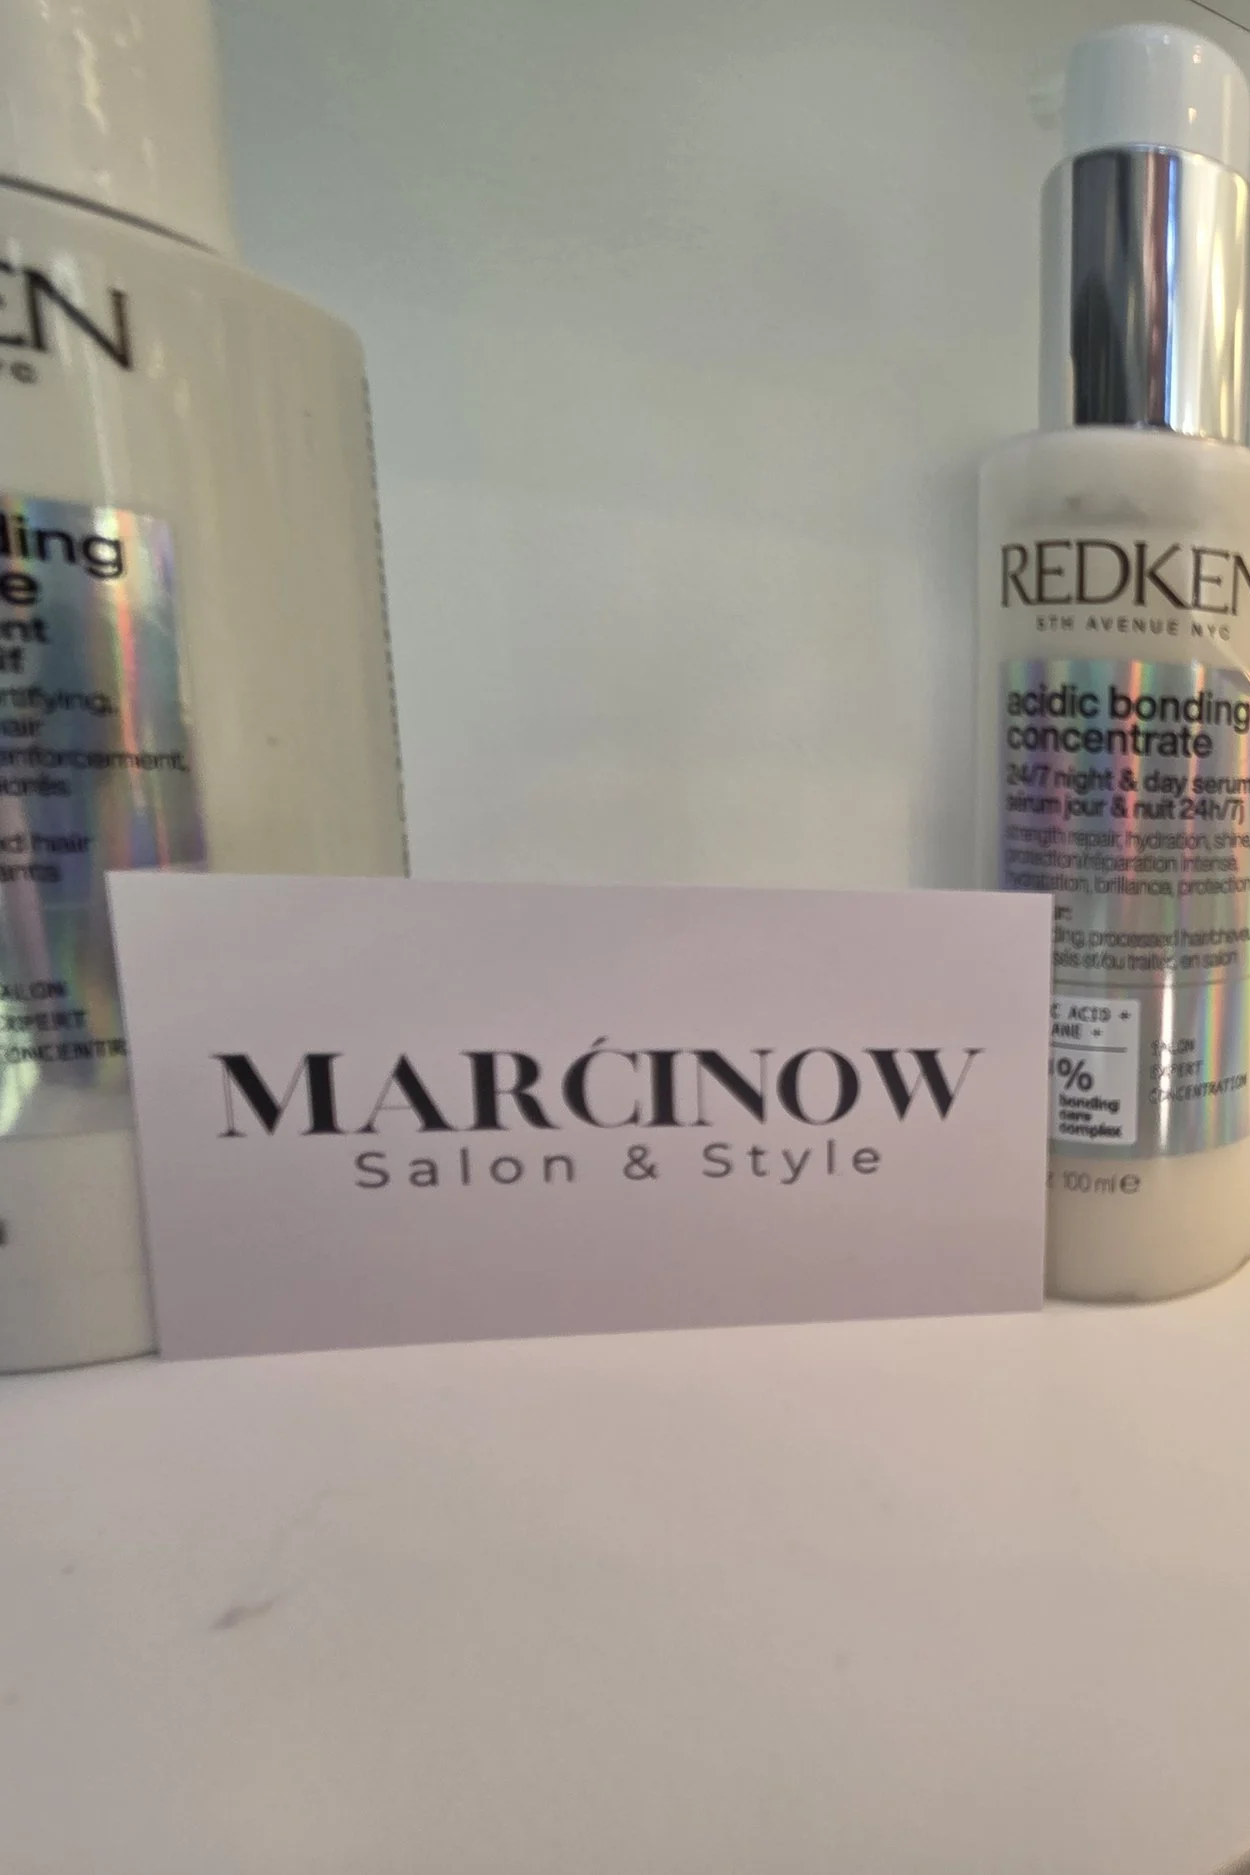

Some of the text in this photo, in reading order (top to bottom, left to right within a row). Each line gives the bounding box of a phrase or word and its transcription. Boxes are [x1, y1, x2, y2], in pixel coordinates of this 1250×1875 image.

[1086, 614, 1180, 637] AVENUE
[1190, 621, 1231, 641] NYC
[1006, 682, 1100, 718] acidic
[1006, 723, 1214, 759] concentrate
[1053, 766, 1115, 796] night
[1118, 767, 1138, 792] &
[1142, 769, 1190, 799] day
[1063, 794, 1107, 821] jour
[1110, 795, 1128, 819] &
[1133, 797, 1176, 820] nuit
[1067, 1004, 1112, 1023] ACID
[208, 1036, 985, 1138] MARĆINOW
[1058, 1092, 1121, 1115] bonding
[1058, 1109, 1093, 1124] care
[1057, 1122, 1124, 1140] complex
[355, 1138, 883, 1190] Salon & Style

----

Pictures aside, return all of the material exactly as written.

Some of the text in this photo, in reading order (top to bottom, left to right within a row). Each line gives the bounding box of a phrase or word and its transcription. Boxes are [x1, y1, x2, y2], in pixel coordinates of this 1250×1875 image.

[1086, 614, 1180, 637] AVENUE
[1190, 621, 1231, 641] NYC
[1006, 682, 1100, 718] acidic
[1006, 723, 1214, 759] concentrate
[1053, 766, 1115, 796] night
[1118, 767, 1138, 792] &
[1142, 769, 1190, 799] day
[1063, 794, 1107, 821] jour
[1110, 795, 1128, 819] &
[1133, 797, 1176, 820] nuit
[1067, 1004, 1112, 1023] ACID
[208, 1036, 985, 1138] MARĆINOW
[1058, 1092, 1121, 1115] bonding
[1058, 1109, 1093, 1124] care
[1057, 1122, 1124, 1140] complex
[355, 1138, 883, 1190] Salon & Style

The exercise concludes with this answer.